A maioria das interações governamentais online leva a um resultado bem-sucedido

Os visitantes de sites governamentais também costumam ter sucesso na solução de seus problemas assim que chegam ao destino online. Metade dos visitantes do site do governo disseram que realizaram tudo o que se propuseram a fazer em sua última interação com o site do governo, e outros 28% foram capazes de fazer a maior parte do que queriam. Apenas 5% disseram que sua interação mais recente com o site do governo foi totalmente malsucedida.

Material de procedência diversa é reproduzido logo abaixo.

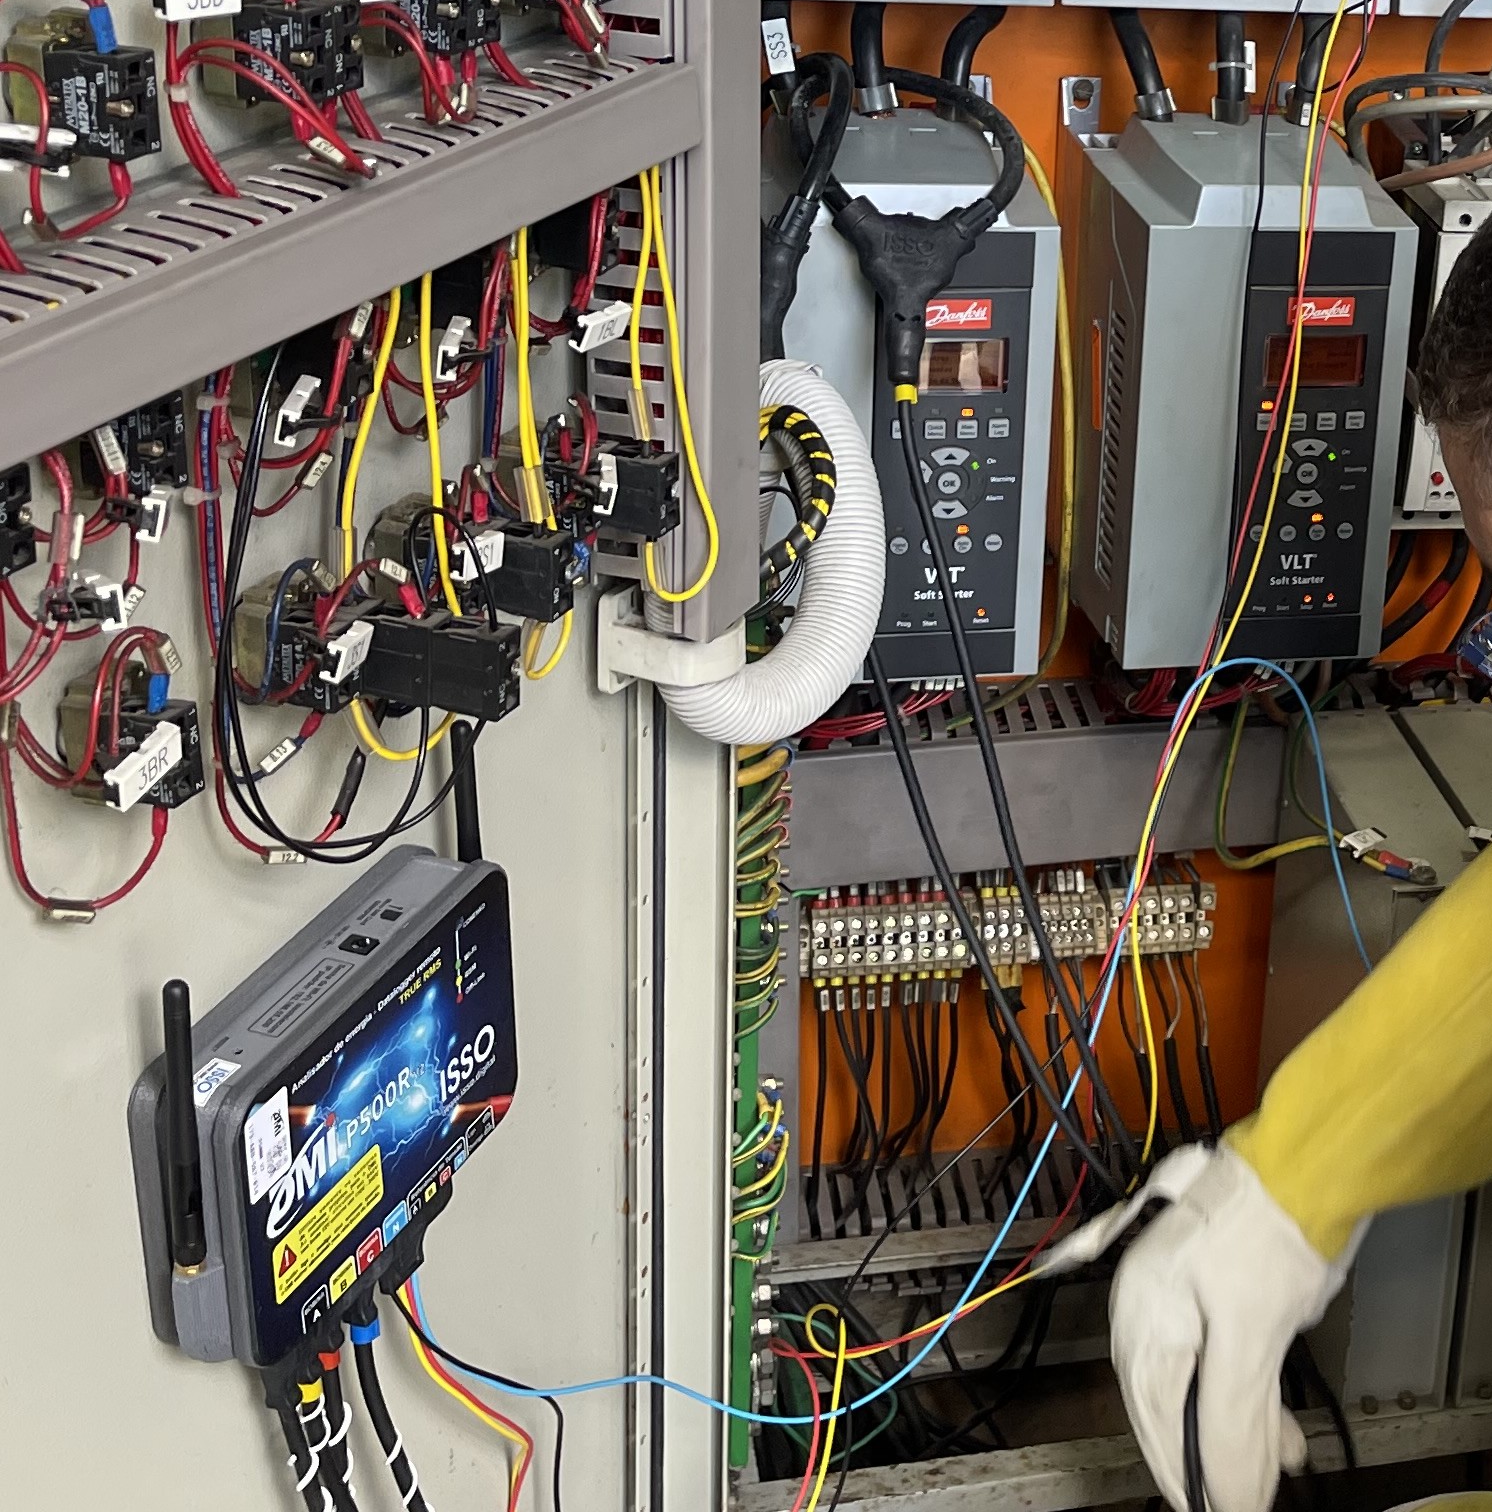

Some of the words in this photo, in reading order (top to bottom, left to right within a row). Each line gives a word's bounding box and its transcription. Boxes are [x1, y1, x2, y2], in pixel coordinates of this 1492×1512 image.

[770, 32, 788, 59] SS3
[146, 76, 156, 98] NC
[75, 76, 90, 134] M20-1B
[926, 301, 988, 327] Danfoss
[1292, 300, 1351, 324] Danfoss
[942, 479, 956, 488] OK
[1280, 554, 1313, 570] VLT
[924, 567, 964, 584] VT
[1270, 575, 1290, 586] Soft
[1292, 574, 1325, 585] Starter
[914, 589, 936, 601] Soft
[938, 589, 974, 600] Srter
[139, 747, 169, 791] 3BR
[398, 976, 422, 1005] TRUE
[422, 958, 443, 982] RMS
[291, 1046, 333, 1095] Analisador
[345, 1012, 373, 1043] energia
[377, 970, 416, 1011] Datalogger
[439, 1024, 495, 1103] ISSO
[346, 1066, 410, 1148] P500R
[312, 1308, 322, 1323] A

Os americanos tendem a interagir com o governo usando uma combinação de métodos online e offline. Os usuários da Internet preferem entrar em contato com o governo online, mas o telefone continua sendo um recurso fundamental para a solução de problemas do governo

Nesta pesquisa, descobrimos que 44% de todos os americanos entraram em contato com uma agência governamental ou funcionário público nos últimos doze meses por telefone, carta ou contato pessoal, e que esses métodos tradicionais são freqüentemente usados ​​como um suplemento para informações online - comportamento de procura. Mais da metade dos usuários governamentais online entraram em contato com o governo usando métodos offline e online.

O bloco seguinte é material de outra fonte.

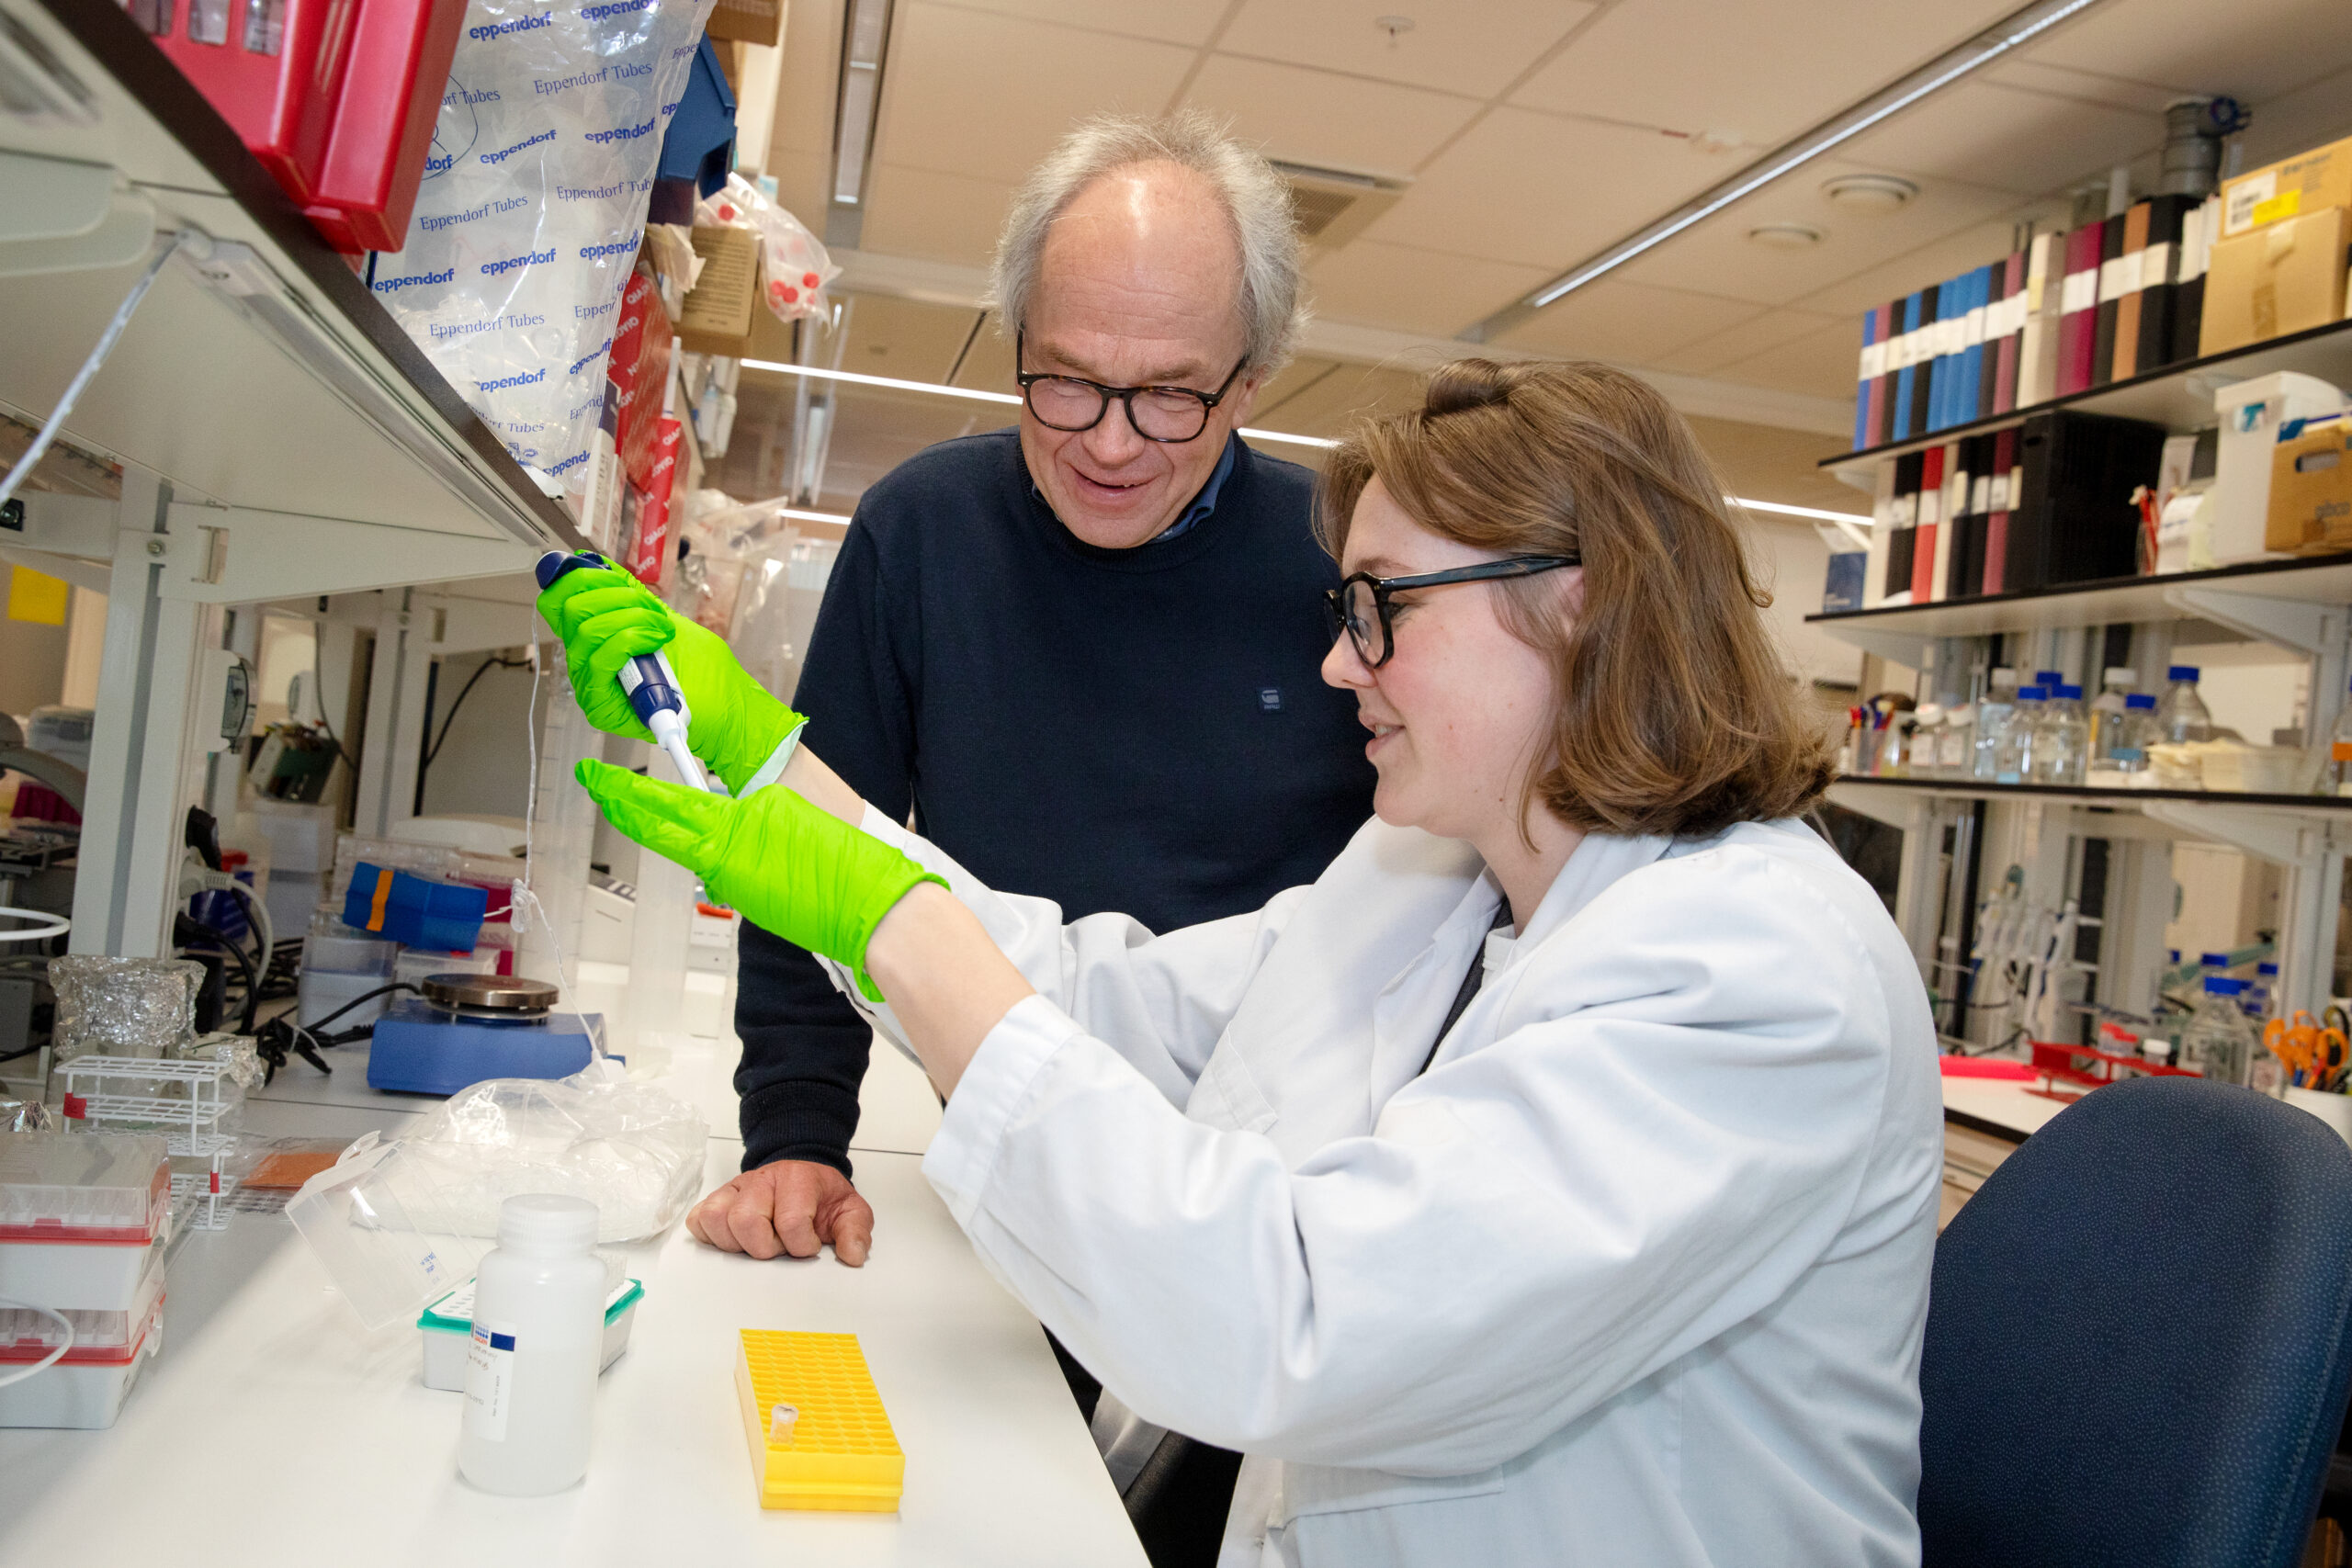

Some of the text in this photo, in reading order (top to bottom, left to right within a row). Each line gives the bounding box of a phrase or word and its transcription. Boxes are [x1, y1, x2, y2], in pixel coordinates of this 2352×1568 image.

A relevância contínua dos canais off-line também pode ser vista na maneira como os americanos preferem interagir com agências governamentais. Entre a população como um todo, os americanos estão um tanto divididos quanto ao seu método preferido de contato quando têm um problema ou dúvida que exige que entrem em contato com o governo. Poder ligar para alguém no telefone é a opção mais preferida em geral (35% disseram isso), seguido por contato via e-mail ou um site (28%) e visitas presenciais (20%). No entanto, os usuários da Internet preferem o contato online ao telefone - embora não por uma grande margem (37% vs. 33%). Os tecnologicamente proficientes (aqueles com uma conexão de banda larga doméstica e usuários de internet móvel) e aqueles que se envolvem em uma ampla gama de interações governamentais online preferem o contato online a outros meios.


Sobre esta pesquisa

Este relatório é baseado nas conclusões de uma pesquisa por telefone realizada entre 30 de novembro e 27 de dezembro de 2009, entre uma amostra de 2.258 adultos, com 18 anos ou mais. As entrevistas foram conduzidas em inglês (n = 2.197) e espanhol (n = 61) e um total de 565 entrevistas foram realizadas usando o telefone celular do entrevistado. Para resultados baseados na amostra total, pode-se dizer com 95% de confiança que o erro atribuível à amostragem e outros efeitos aleatórios é de mais ou menos 2,4 pontos percentuais. Para usuários da Internet baseados em resultados (n = 1.676), a margem de erro de amostragem é de mais ou menos 2,8 pontos percentuais.